Yo | llamaría | Ik zou bellen | Yo llamaría a mi madre por teléfono. |
Tú | Llamarías | Je zou bellen | Tú llamarías al niño para cenar. |
Usted / él / ella | llamaría | Jij / hij / zij zou bellen | Ella llamaría a su abuela todas las semanas. |
Nosotros | Llamaríamos | We zouden bellen | Nosotros llamaríamos a la puerta. |
Vosotros | Llamaríais | Je zou bellen | Vosotros llamaríais profe a la profesora. |
Ustedes / ellos / ellas | Llamarían | Jij / zij zouden bellen | Ellos llamarían a los bomberos por el incendio. |
Llamar Present Progressive / Gerund Form
Normaal -ar werkwoorden, je vormt de onvoltooid deelwoord of gerund met het einde -ando. Deze werkwoordsvorm wordt voor verschillende doeleinden gebruikt, zoals het vormen van de progressieve tijden, zoals het heden progressief.
Present Progressive van Llamar
está llamando shij belt
Ella está llamando al niño para cenar.
Llamar voltooid deelwoord
Het voltooid deelwoord voor -ar werkwoorden wordt gevormd met het einde -ado.

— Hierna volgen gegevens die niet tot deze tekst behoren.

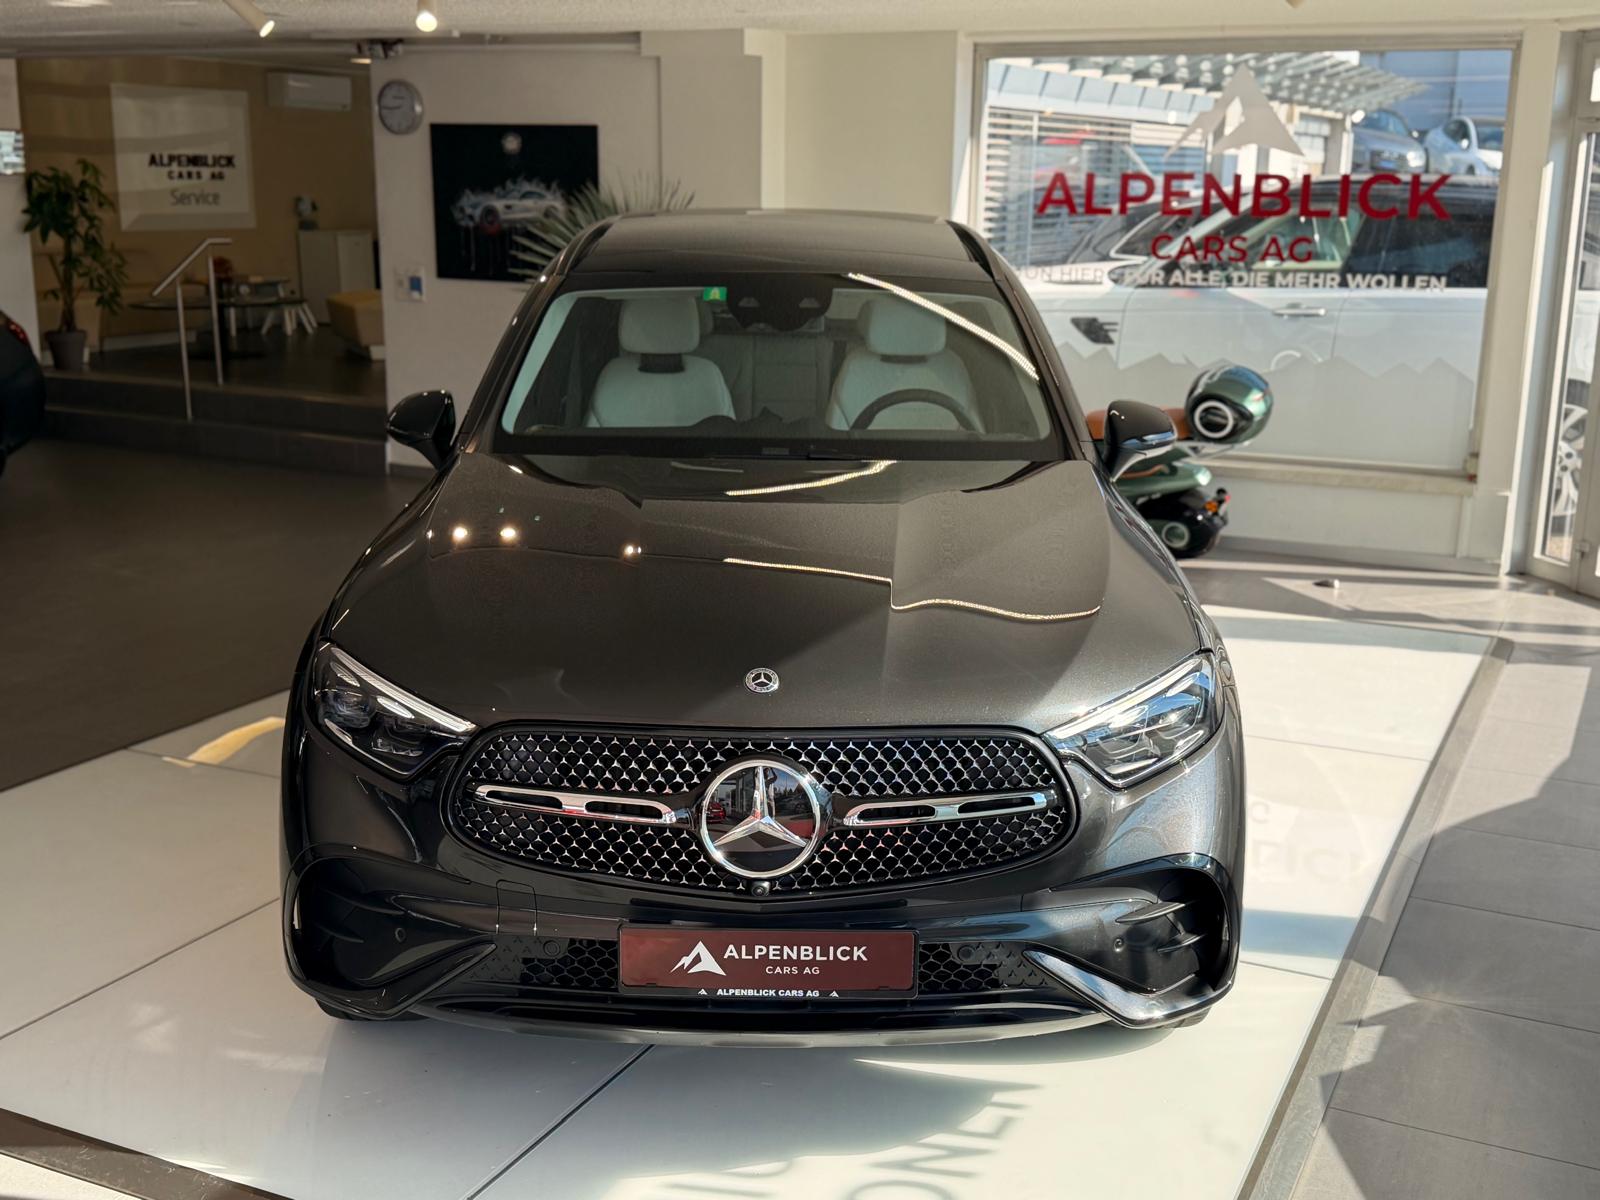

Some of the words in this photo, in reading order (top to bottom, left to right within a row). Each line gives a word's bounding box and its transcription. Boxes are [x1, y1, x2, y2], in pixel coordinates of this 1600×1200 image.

[148, 153, 236, 168] ALPENBLICK
[167, 170, 203, 180] CARS
[210, 171, 225, 181] AG
[169, 188, 220, 206] Service
[1036, 171, 1454, 221] ALPENBLICK
[1151, 234, 1249, 263] CARS
[1259, 236, 1314, 263] AG
[1060, 267, 1104, 282] HIER
[1231, 271, 1269, 288] DIE
[1274, 271, 1341, 289] MEHR
[1345, 273, 1448, 291] WOLLEN
[723, 944, 868, 961] ALPENBLICK
[765, 966, 799, 975] CARS
[803, 966, 820, 975] AG
[716, 988, 776, 997] ALPENBLICK
[778, 989, 804, 998] CARS
[806, 990, 820, 998] AG
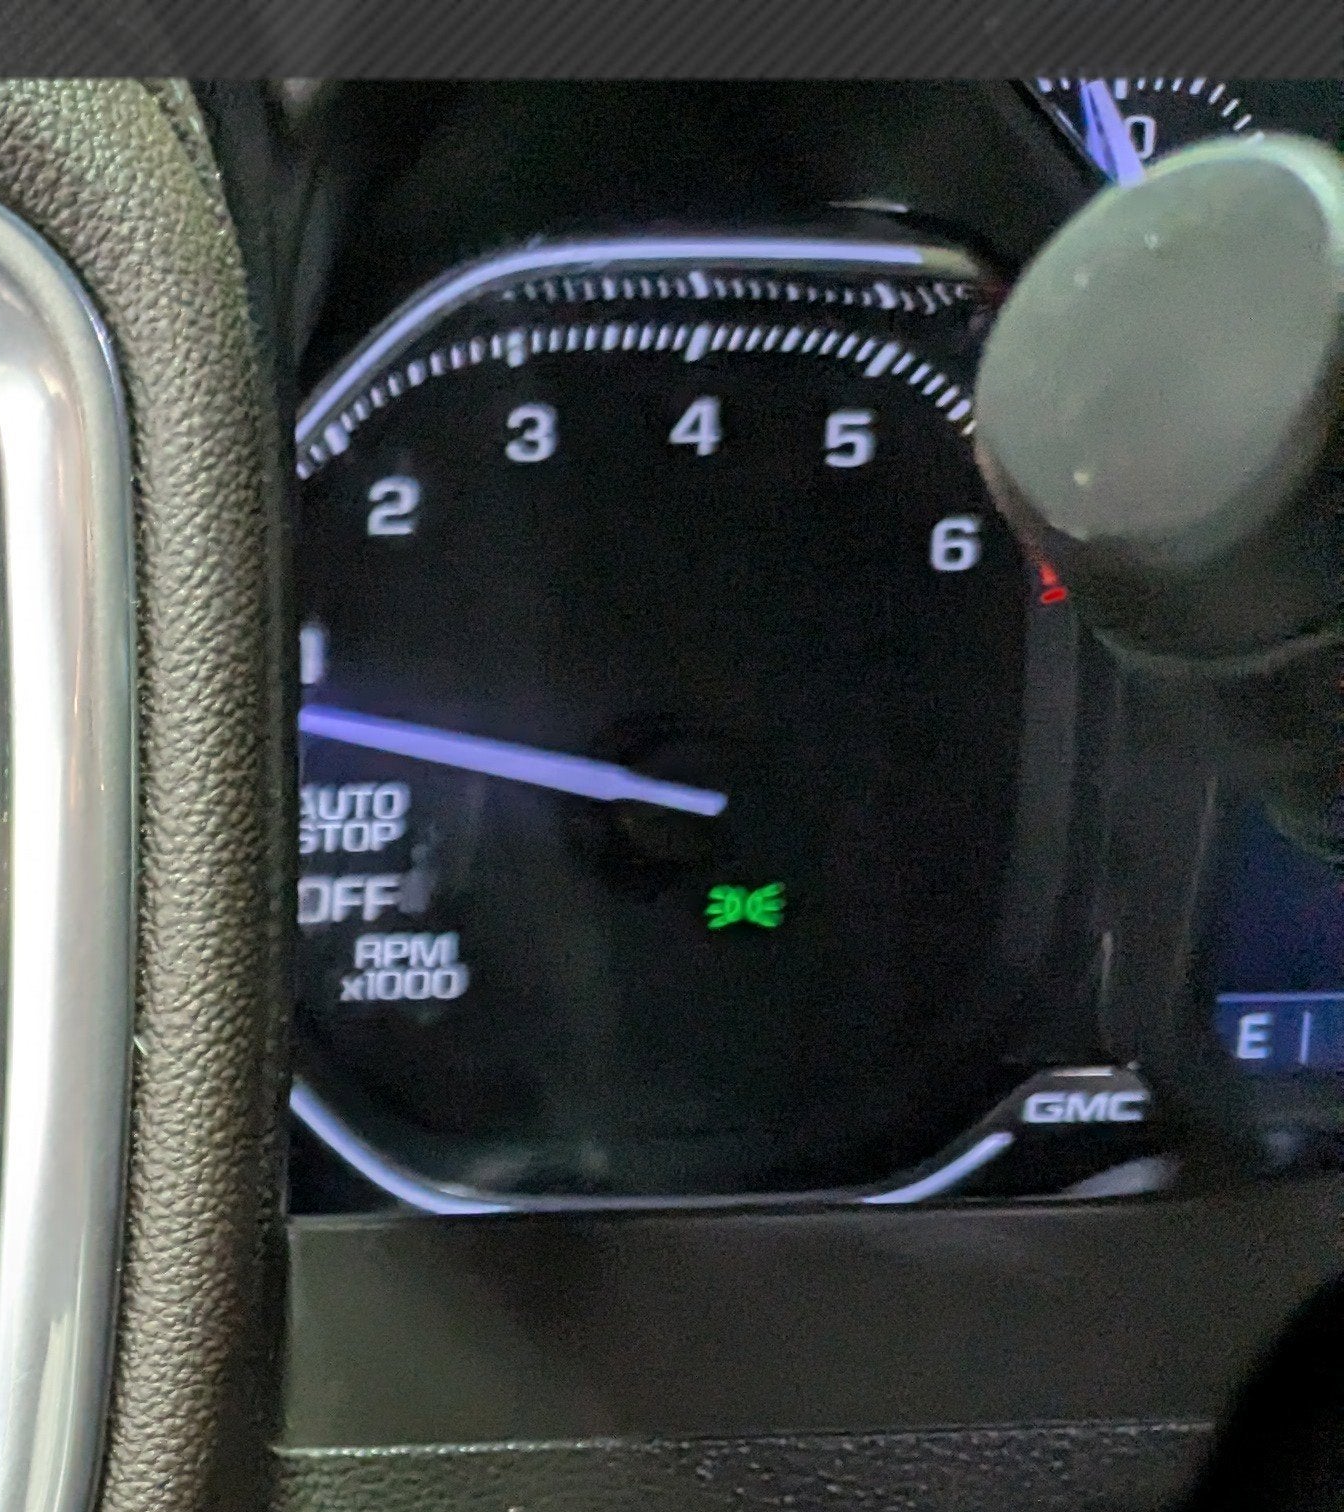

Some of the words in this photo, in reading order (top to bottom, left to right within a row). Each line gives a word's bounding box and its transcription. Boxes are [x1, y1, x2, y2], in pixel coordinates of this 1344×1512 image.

[505, 402, 556, 463] 3
[669, 396, 721, 456] 4
[824, 411, 874, 468] 5
[367, 476, 420, 536] 2
[930, 516, 978, 572] 6
[297, 876, 399, 923] OFF
[355, 934, 459, 969] RPM
[1236, 1012, 1273, 1059] E
[1022, 1091, 1150, 1123] GMC

Het voltooid deelwoord wordt gebruikt met een hulpwerkwoord te vormen samengestelde tijden, zoals de voltooid tegenwoordige tijd.
Present Perfect van Llamar
ha llamado shij heeft gebeld
Ella ha llamado a su abuela.
Llamar Present Subjunctief
De conjunctief humeur wordt gebruikt om te praten over emoties, twijfels, verlangens, mogelijkheden en andere subjectieve situaties. Het wordt gebruikt in zinnen met twee bijzinnen: de hoofdzin bevat een werkwoord in de indicatieve stemming en de bijzin bevat een werkwoord in de conjunctiefstemming.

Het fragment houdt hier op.